A la recherche du bouddha

À Bamiyan, l’Unesco souhaite localiser une statue allongée

Par Martin Bailey · Le Journal des Arts

Le 18 avril 2003 - 546 mots

Après la destruction des deux bouddhas géants de Bamiyan en Afghanistan, les travaux archéologiques se sont concentrés sur la consolidation de la falaise fragilisée. Aujourd’hui, les regards se tournent vers la statue mythique du bouddha Parinirvana, un troisième bouddha géant, disparu car enseveli, et dont la particularité réside dans sa position allongée. Les travaux de recherches ne font que commencer...

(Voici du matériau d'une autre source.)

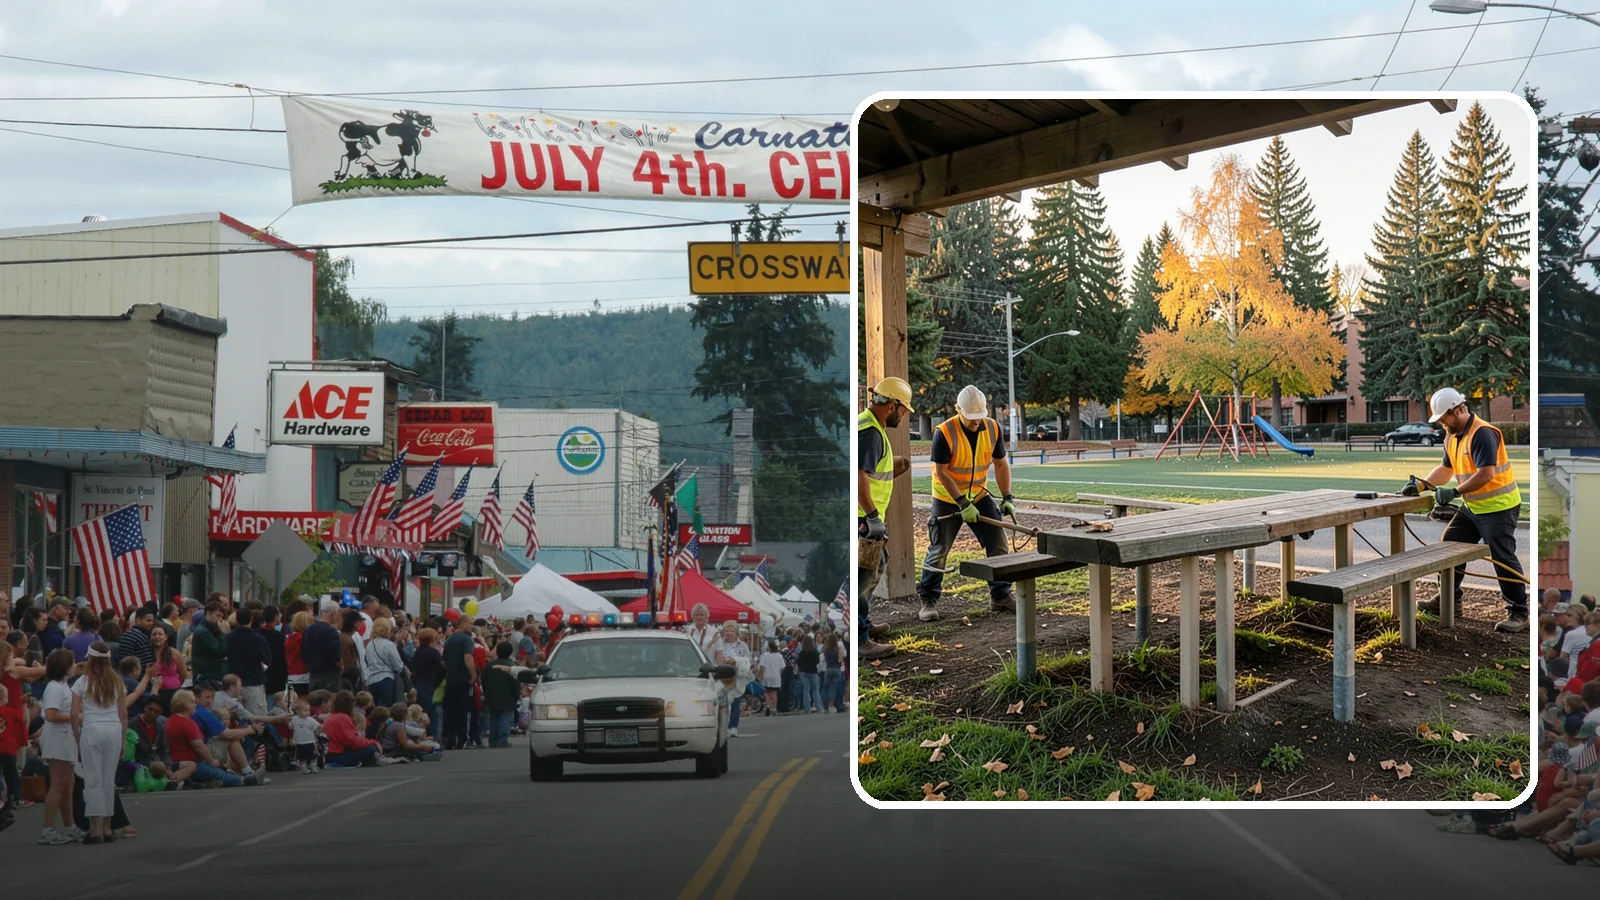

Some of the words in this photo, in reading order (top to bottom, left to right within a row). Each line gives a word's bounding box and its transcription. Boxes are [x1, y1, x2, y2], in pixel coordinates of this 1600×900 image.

LONDRES - En 632, le voyageur chinois Hiuan Tsang parcourt l’Afghanistan. Dans ses carnets, il décrit les deux statues géantes des bouddhas, sculptées à même la falaise à Bamiyan, mais il mentionne également la présence impressionnante d’un bouddha Parinirvana, une statue représentant les derniers moments d’existence terrienne du Bouddha alors qu’il entre dans l’état de nirvana. Aujourd’hui disparu – d’après certains archéologues, il aurait été enseveli –, ce bouddha “à l’horizontale” est au cœur d’un projet de recherches soutenu par l’Unesco. Sa longueur dépasserait les 300 mètres, et son gigantisme serait plus impressionnant encore que celui des statues détruites par les Talibans.
Ce projet de recherches a pourtant déclenché une controverse. L’été dernier, une équipe française d’archéologues, dirigée par le professeur Zémaryalaï Tarzi, est arrivée en Afghanistan afin d’y conduire une enquête. Son renvoi en Europe au mois de septembre est dû, selon Zémaryalaï Tarzi, à un malentendu avec un commandant militaire local. Ancien directeur d’archéologie en Afghanistan dans les années 1970, et actuellement enseignant à l’université Marc-Bloch de Strasbourg, le professeur soutient que son projet bénéficie de l’aval du gouvernement de Kaboul ; d’après lui, la statue est ensevelie “à l’est ou au sud-est des bouddhas, sur le site d’un ancien monastère”. Des archéologues sont également opposés à cette recherche, car ils craignent qu’elle n’encourage les pilleurs à multiplier leurs excavations illégales.
L’Unesco soutient néanmoins que la meilleure stratégie pour la protection du bouddha est d’intensifier les efforts pour le localiser et de prendre des mesures préventives. En effet, si le bouddha étendu se trouve aux pieds des deux statues géantes, le situer précisément devient urgent. La falaise abritant les niches des deux bouddhas a été grandement fragilisée par les explosifs utilisés par les Talibans et menace de s’écrouler. Les ouvriers attelés à la conservation des niches et à la consolidation de la falaise conduisent des véhicules lourds, travaillent sur des échafaudages et utilisent des hélicoptères. Il est donc important que cette armada ne mette pas les vestiges souterrains en péril. De plus, une centaine de logements destinés aux habitants réfugiés dans des cavités de la falaise sont en voie de construction. Il est donc vital que leurs constructions et leurs fondations ne causent pas de dommage aux vestiges archéologiques.
Les 21 et 22 novembre 2002 s’est tenue une réunion d’experts internationaux de l’Unesco sur l’Afghanistan. Les recommandations concernaient l’identification et la protection des sites archéologiques et des monuments dont, en particulier, “le site du monastère, la résidence royale et le bouddha Parinirvana”. Selon un porte-parole de l’Unesco, la recherche du bouddha sera incluse dans la phase initiale de l’opération, “afin d’en assurer la protection à l’encontre des pilleurs et de prévenir les dommages causés par les constructions et le travail de conservation sur la falaise.” Il s’agira “d’une exploration, et non d’une excavation”, mais le creusement de fosses “test” n’est pas exclue. La priorité reste toutefois la consolidation des niches et des falaises environnantes.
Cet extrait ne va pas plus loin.